An dieser Stelle tritt mir das Bild Johannes des Täufers bei der Jordan Taufe innerlich vor Augen. Nicht aber als ein Bild mit historisch religiösem Hintergrund, sondern vielmehr als ein gegenwärtiges Ereignen, in dem wir alle gleichsam durch ein Bad der Reinigung von vielen Illusionen schreiten. Die kommende Zeit wird uns innerhalb dieses Prozesses aus meiner Sicht noch einiges mehr als uns lieb sein wird abverlangen. Metanoia auf allen Ebenen. Das heisst in Konsequenz erkenne dich selbst im Prozess eigener Willenserweckung. 

Damit komme ich zurück auf die innere Haltung der leeren Hand. Sie ist im Grunde der Ausdruck des sich ins Nirgendwo stellen. Ist von dort her die Herausforderung selbstverantwortete Wegfindung anzunehmen. Ist mit der Angst das Fürchten zu lernen, weil alle Ego Anhaftungen und somit Sicherheiten, sprich Haltestangen hier fallen. Ist Ich-Geburt durch zu gestaltenden ethischen Individualismus im eigenen Willen. Ins Nirgendwo … stellen: Im Sinne des Sokrates heisst das mich denkend hindurch bewegen durch den Frageraum des  „ich weiss dass ich nicht weiss,“ mich schmerzhaft auseinanderzusetzen mit all seinen Aspekten, Angst und Bodenlosigkeit, Furcht und Dunkelheit, um am Ende die Halt gebende Leine durch das Ego preiszugeben und die Erfahrung einer wachsenden Gestaltungskraft im dynamischen Fortgang auf neue Bewusstseinsstrukturen hin annehmen zu lernen. 

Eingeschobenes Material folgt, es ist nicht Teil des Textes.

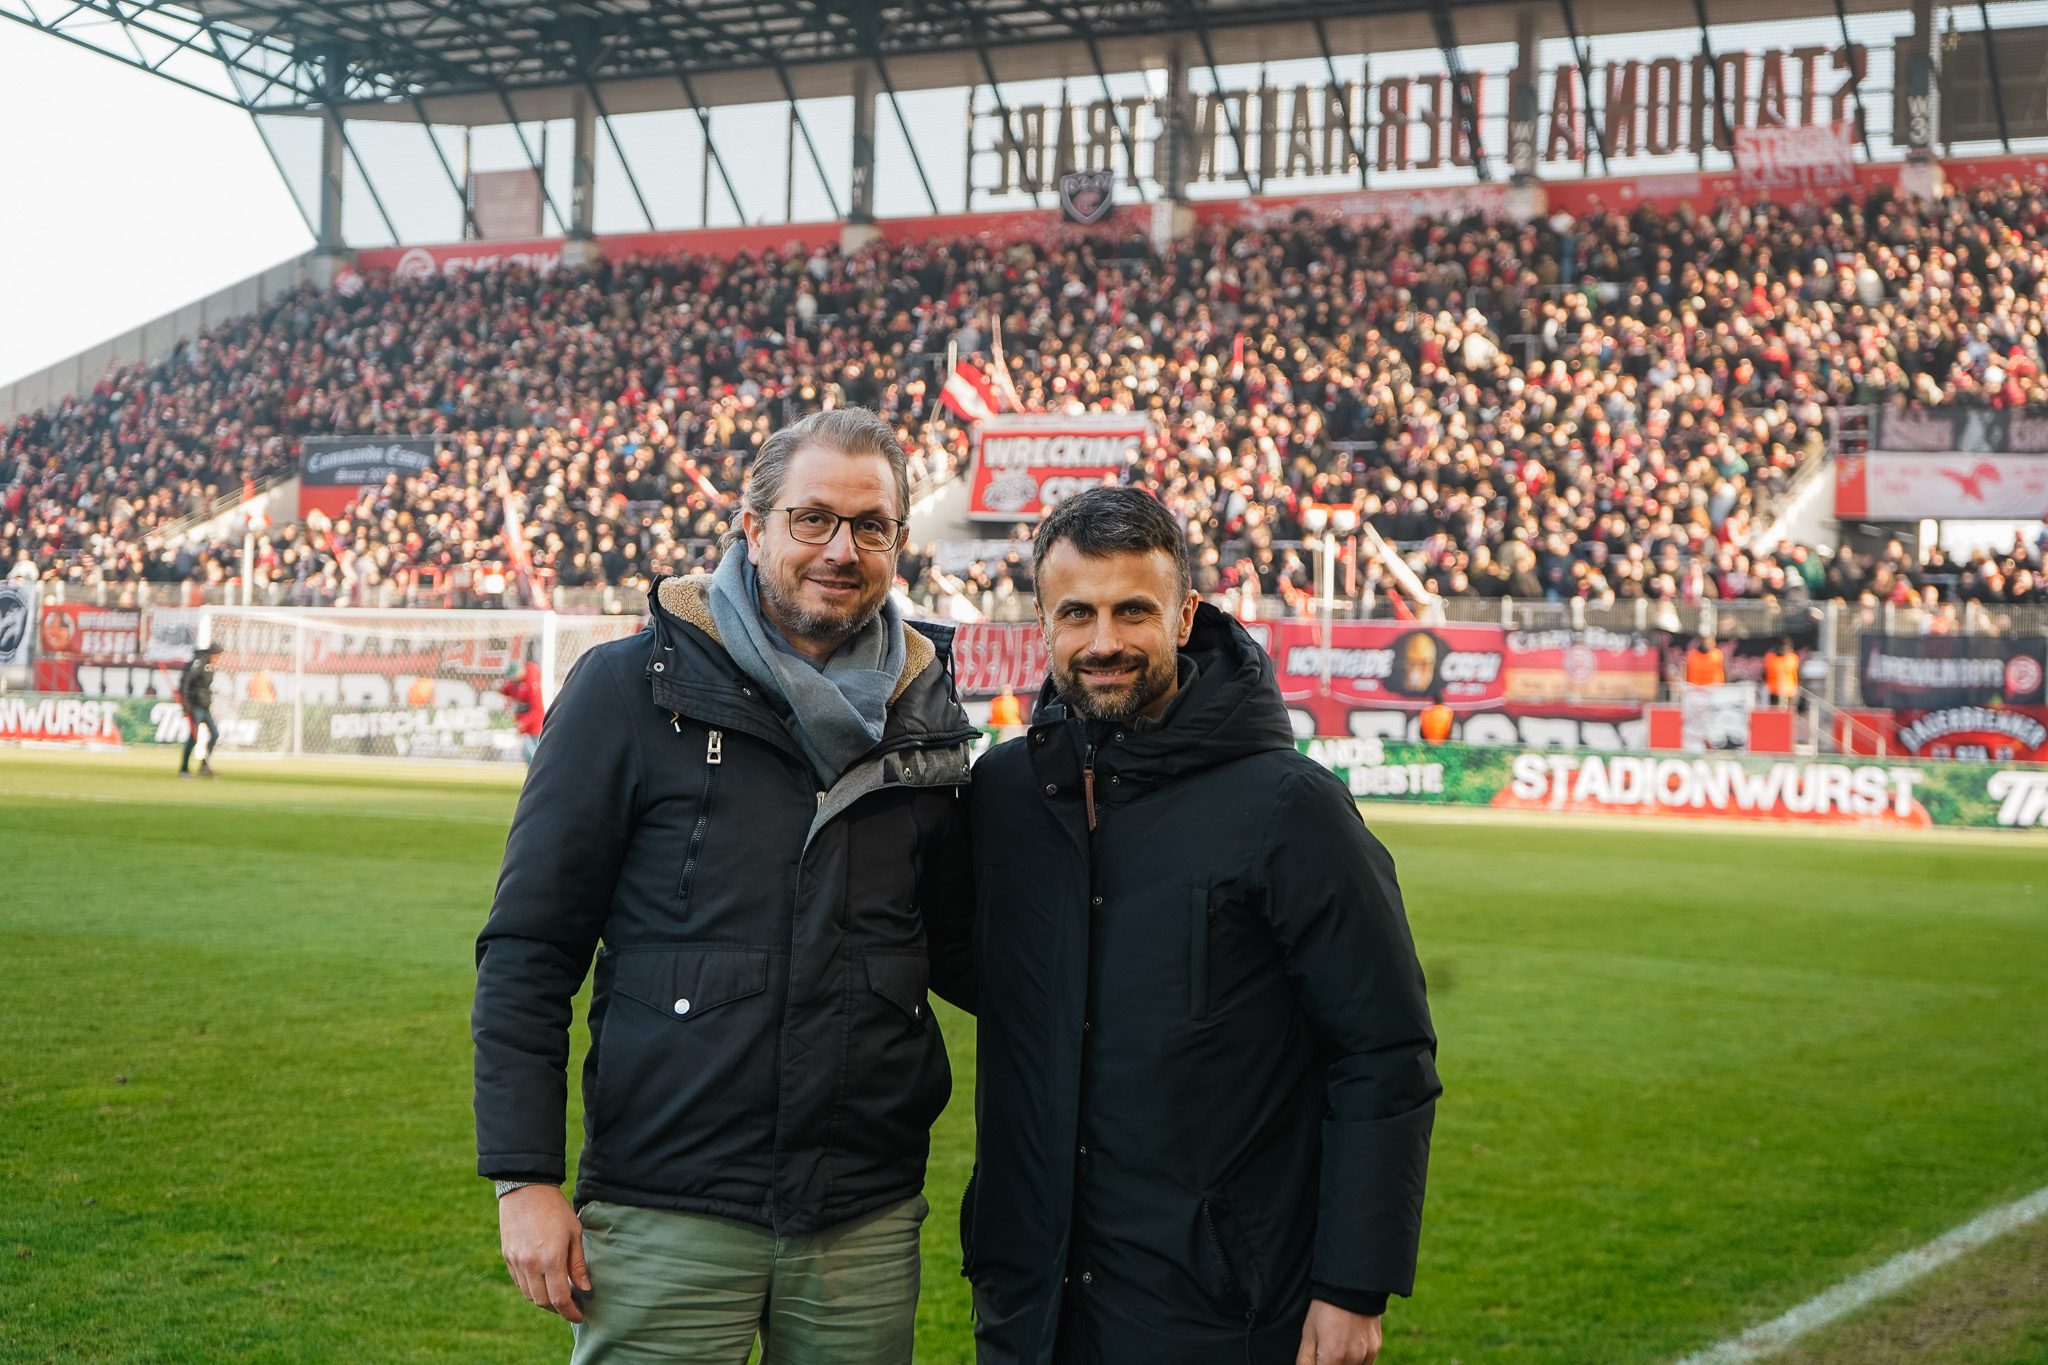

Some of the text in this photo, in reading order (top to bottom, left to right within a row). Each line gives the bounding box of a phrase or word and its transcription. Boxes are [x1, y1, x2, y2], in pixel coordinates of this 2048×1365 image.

Die Ukraine Flüchtlinge werden durch Bomben, die ihre Häuser zerstören ins Nirgendwo geschleudert, von einem Augenblick auf den anderen gefordert in tausend folgenden Augenblicken am Rande des Nichts neue unbekannte Wege zu finden; der aktiv Selbsterkenntnis Suchende lernt auf seinem Weg Dualität nicht länger gegen seine Weggenossen einzusetzen, bzw. auf sein gesellschaftliches Umfeld zu projizieren. Er lernt aus seinen Erfahrungen vielmehr die Spannungen von Sympathie und Antipathie, das unvermittelt herauf drängende Chaos der eigenen seelischen Unterwelt immer mehr allein in sich aufzulösen anstatt in endlosen Streithaltungen weiterzuschleppen. Die Geschichte von einem der auszog das Fürchten zu lernen ist die Geschichte der von innen her leeren Hand, die Geschichte vom leeren Willen angesichts des  N - ich - ts, also der Auflösung meiner Fragen des „weiss ich dass ich nicht weiss.“ Die Geschichte von einem der auszog das Fürchten zu lernen ist die Geschichte von einem jeden von uns in seiner individuellen Einzigartigkeit auf diesem Weg hineinzufinden in das Ich-Erwachen und darin mehr und mehr einzugehen in die zeitgemässe Erfahrung lebendiger Geistesfülle.